Often people will say to me, ‘You went to the other side,’ and I’ll say that, as a CIO, you can often make a bigger impact in a tech company than in a big manufacturer or pharmaceutical. You’ll make an impact there, but you’re not the end buyer. Being at a tech company, you’re really the customer, so you can create a lot more value beyond your role as CIO. People on my team say they have that same ambition, to be a CIO or CISO in a tech company, because they love talking to customers about how we use our own products.
And I learn from our customers. I have three to five conversations a week with CIOs and CISOs, and I ask them questions like, ‘How are you using our technology? What creative use cases have you come up with?’ One leader said he used it for change management, and I was like, really?
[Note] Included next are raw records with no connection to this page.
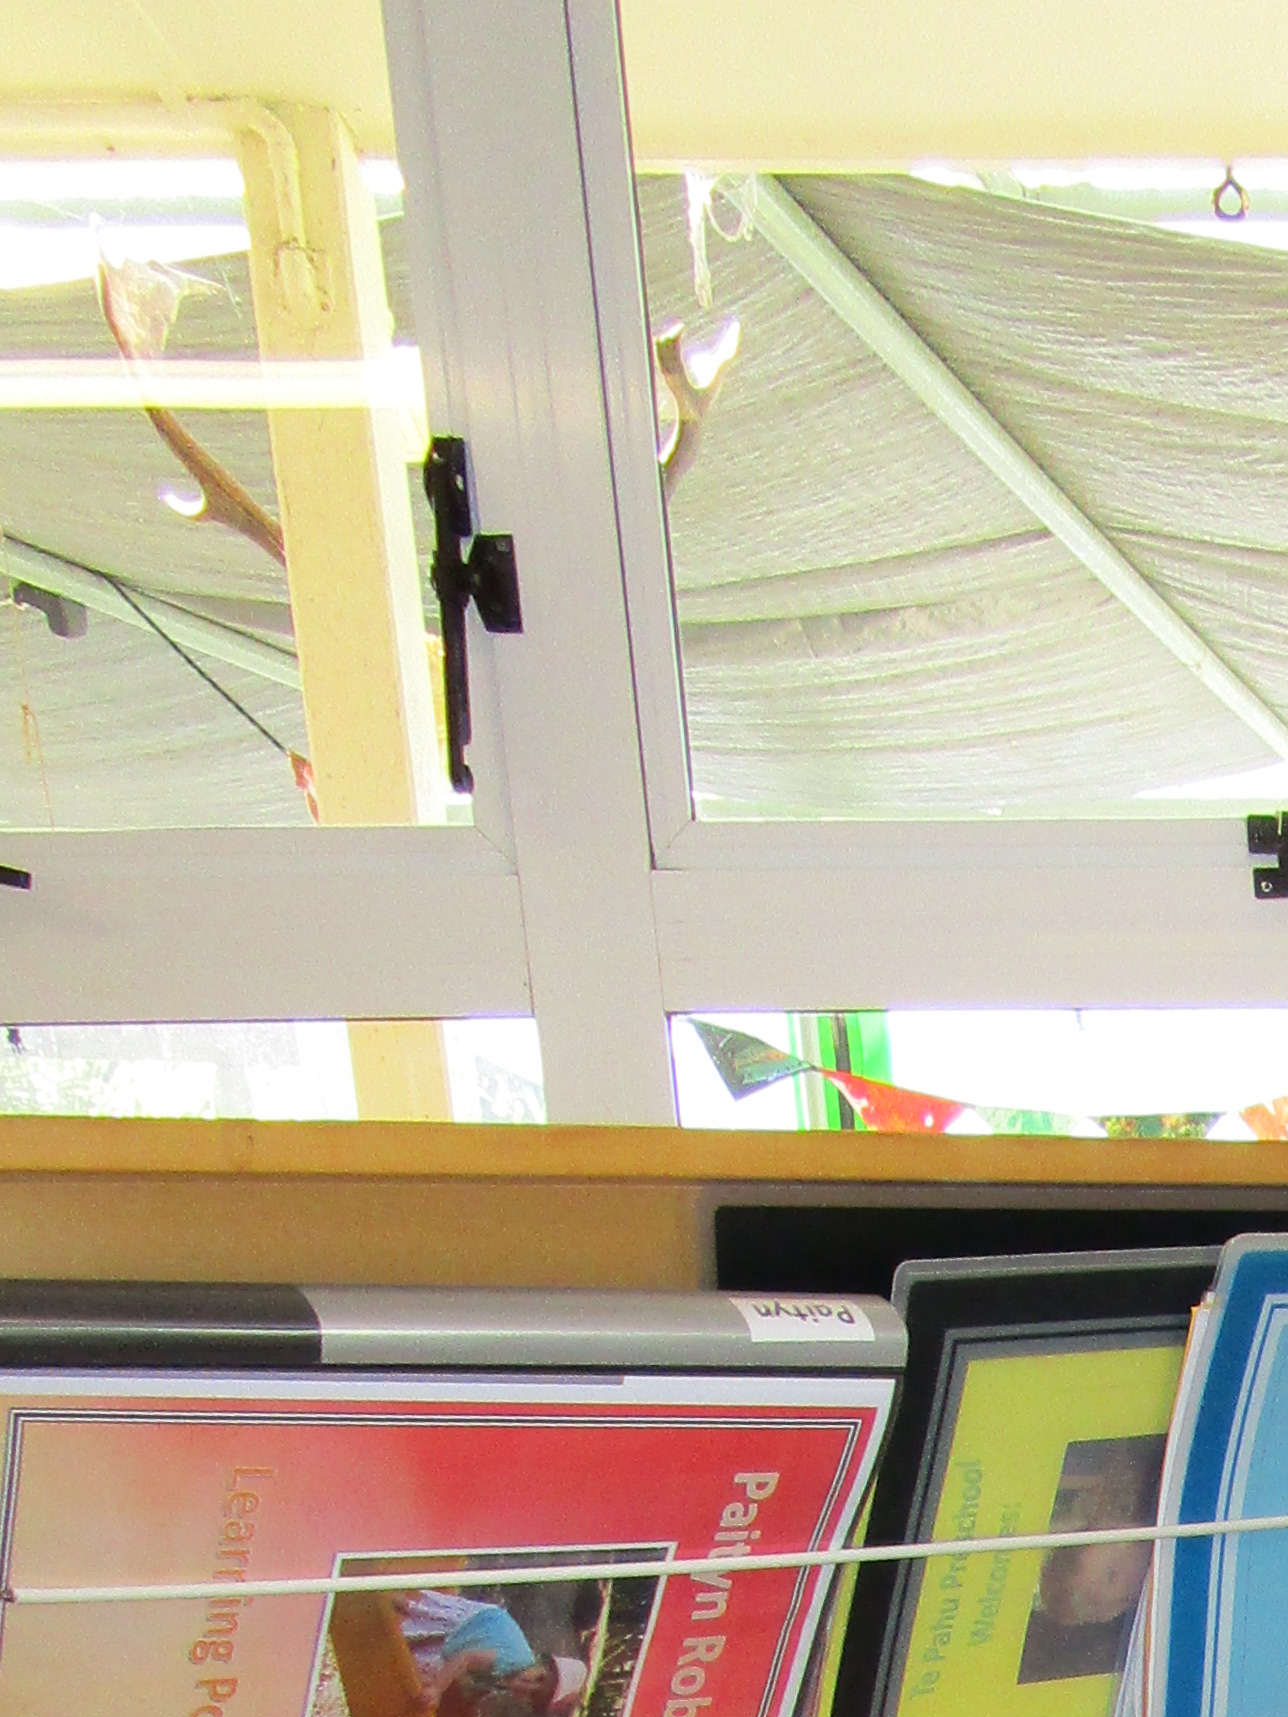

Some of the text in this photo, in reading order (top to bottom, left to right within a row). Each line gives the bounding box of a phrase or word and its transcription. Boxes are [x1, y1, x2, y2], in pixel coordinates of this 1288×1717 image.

[750, 1299, 856, 1327] Paityn
[187, 1464, 275, 1665] Learning
[688, 1470, 780, 1622] Paityn
[922, 1597, 960, 1663] Pahu
[909, 1670, 940, 1700] Te
He said that, especially in the SaaS world, you’re often replacing tools with new tools, so he basically used Netskope to create a coaching message that said, ‘This tool’s going away on this date, and it’s being replaced by this tool.’ It made perfect sense, because no one reads emails from IT, and no one attends the webinars you put on for people to learn about the new solution. What they do is call the help desk the first day because they can’t get into the tool they used to use. The ability to coach people in real-time, let them know what’s changing, that’s a really cool use case and it helps create better digital citizens.
What were some of the things you did to make the business public-company ready?
Sanjay [Beri, CEO and co-founder] never wanted the company to just be acquired and rolled into something else. The ambition since Netskope started was to be a public company and an iconic security company. So, he and our leadership team started operating like a public company many quarters before we went public. I think that helps a lot in establishing the operating rhythm you need to have.
Obviously, at day zero in a tech company, IT is a lot smaller. We were operating in less than half the countries we are today. We’ve made several acquisitions since I joined four and a half years ago, bringing technology and advanced roadmap and capabilities. We’ve got four major R&D centers on three continents.
As the team has grown, we’ve shifted to a product operating model to break down silos in the organization. Security and IT teams tend to have a little friction, so instead, our CISO and I put those teams together and formed product teams to focus on the things we needed to accomplish specific to the public readiness — because one thing you get audited on is user access. What access does someone have? Do you have the right segregation of duties inside your applications? That was something we achieved together in a very short time frame. The process we had before was very manual; we needed to apply technology and some new thinking to it.
How did you keep teams engaged and healthy under pressure while also honoring the transparency constraints pre-IPO?
We did a good job of not talking about things we couldn’t talk about unless it was someone that was read-in to the process, but absent that, I’m a big believer in making scoreboards public. That’s why I’m a big fan of Kanban boards and OKRs. Make your work visible. Don’t try to hide things. There’s an adage that bad news isn’t like wine — it doesn’t age well. If there’s a problem, the sooner we know about the problem, the sooner we can solve it before it becomes a bigger problem.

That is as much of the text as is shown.